In a myth passed down among the Iroquois, The World on the Turtle’s Back, explains the origin of the land in which a tree of life is described. According to the myth, it is found in the heavens, where the first humans lived, until a pregnant woman fell and landed in an endless sea. Saved by a giant turtle from drowning, she formed the world on its back by planting bark taken from the tree.

The tree of life motif is present in the traditional Ojibway cosmology and traditions. It is sometimes described as Grandmother Cedar, or Nookomis Giizhig in Anishinaabemowin.

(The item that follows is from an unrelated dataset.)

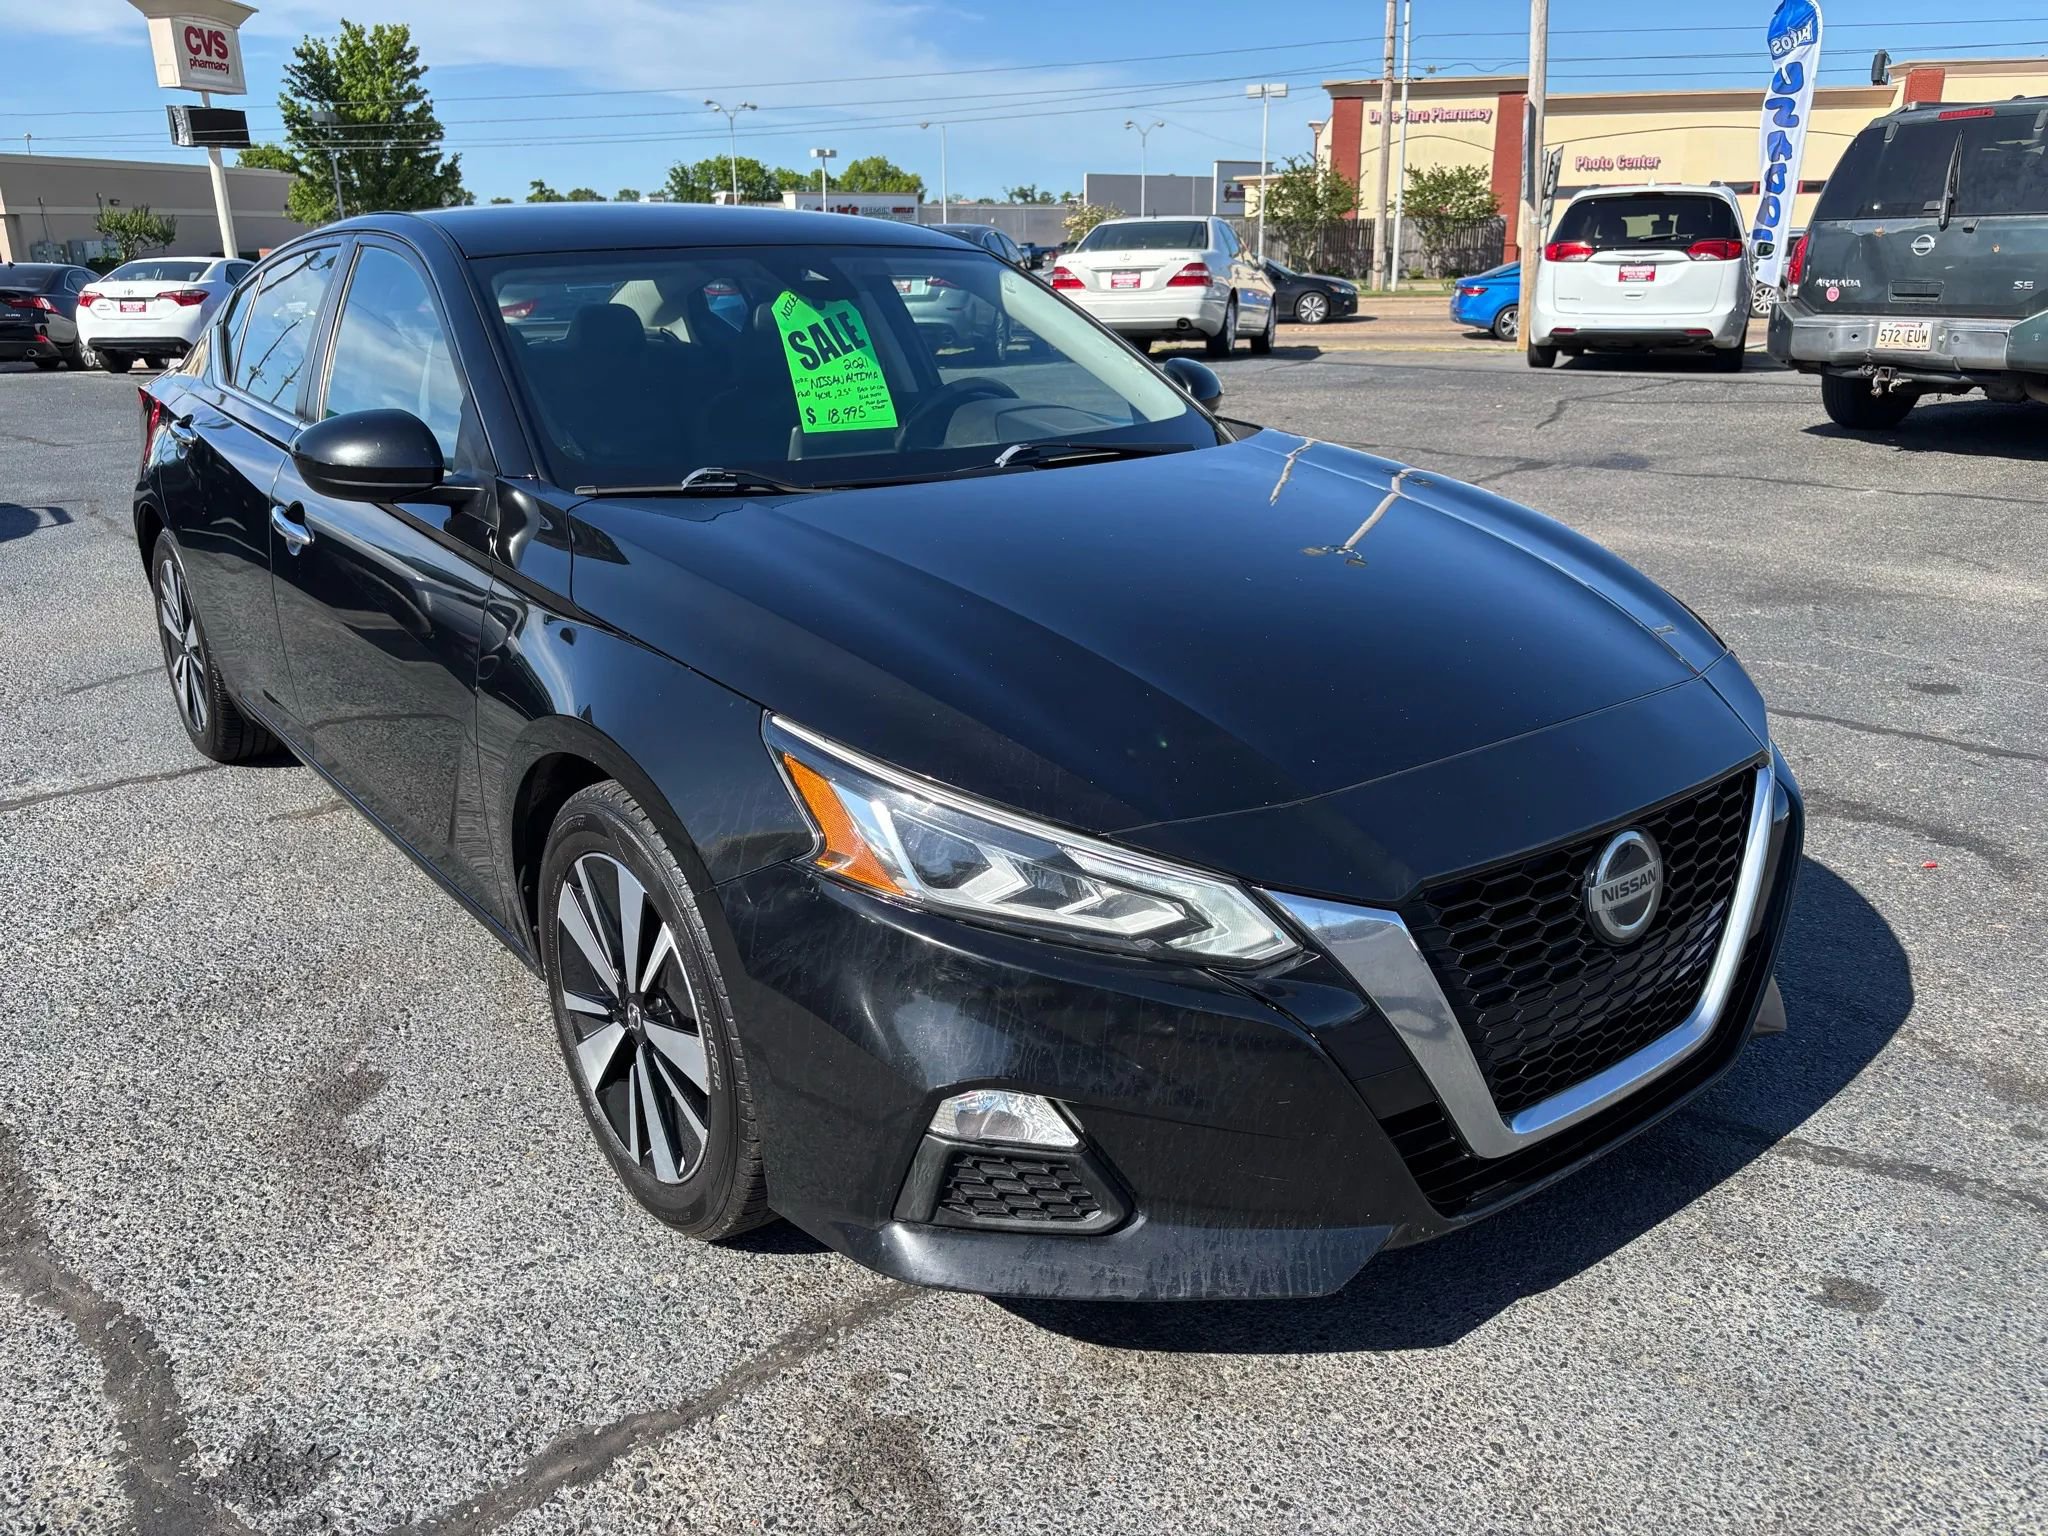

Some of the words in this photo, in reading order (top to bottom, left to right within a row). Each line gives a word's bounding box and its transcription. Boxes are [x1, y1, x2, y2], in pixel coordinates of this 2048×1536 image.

In the book Black Elk Speaks, Black Elk, an Oglala Lakota (Sioux) wičháša wakȟáŋ (medicine man and holy man), describes his vision in which after dancing around a dying tree that has never bloomed he is transported to the other world (spirit world) where he meets wise elders, 12 men and 12 women. The elders tell Black Elk that they will bring him to meet “Our Father, the two-legged chief” and bring him to the center of a hoop where he sees the tree in full leaf and bloom and the “chief” standing against the tree. Coming out of his trance he hopes to see that the earthly tree has bloomed, but it is dead.

Serer religion

In Serer religion, the tree of life as a religious concept forms the basis of Serer cosmogony. Trees were the first things created on Earth by the supreme being Roog (or Koox among the Cangin). In the competing versions of the Serer creation myth, the Somb (Prosopis africana) and the Saas tree (acacia albida) are both viewed as trees of life. However, the prevailing view is that, the Somb was the first tree on Earth and the progenitor of plant life. The Somb was also used in the Serer tumuli and burial chambers, many of which had survived for more than a thousand years. Thus, Somb is not only the tree of life in Serer society, but the symbol of immortality.

Turkic

The World Tree or tree of life is a central symbol in Turkic mythology. It is a common motif in carpets. In 2009 it was introduced as the main design of the common Turkish lira sub-unit 5 kuruş.

Hinduism

In the sacred books of Hinduism (Sanatana Dharma), Puranas mention divine tree Kalpavruksham (కల్పవృక్షం, कल्पवृक्ष ). This divine tree is guarded by Gandharvas in the garden of Amaravati, city under the control of Indra, King of gods. Popular story goes like this, for a very long time, gods and demi-gods who are believed to be fathered by Kashyapa Prajapati and have different mothers. After a long time frequent battles between the two half-brother clans, both groups decided to churn the milky ocean to obtain Amrutam (అమృతం, अमृत ) and share equally. During the churning, along with many other mythical items emerged the Kalpavruksham (కల్పవృక్షం, कल्पवृक्ष ). It is gold in colour. It has mesmerizing aura. It can be pleased with chanting and offers. When it is pleased, it grants every wish.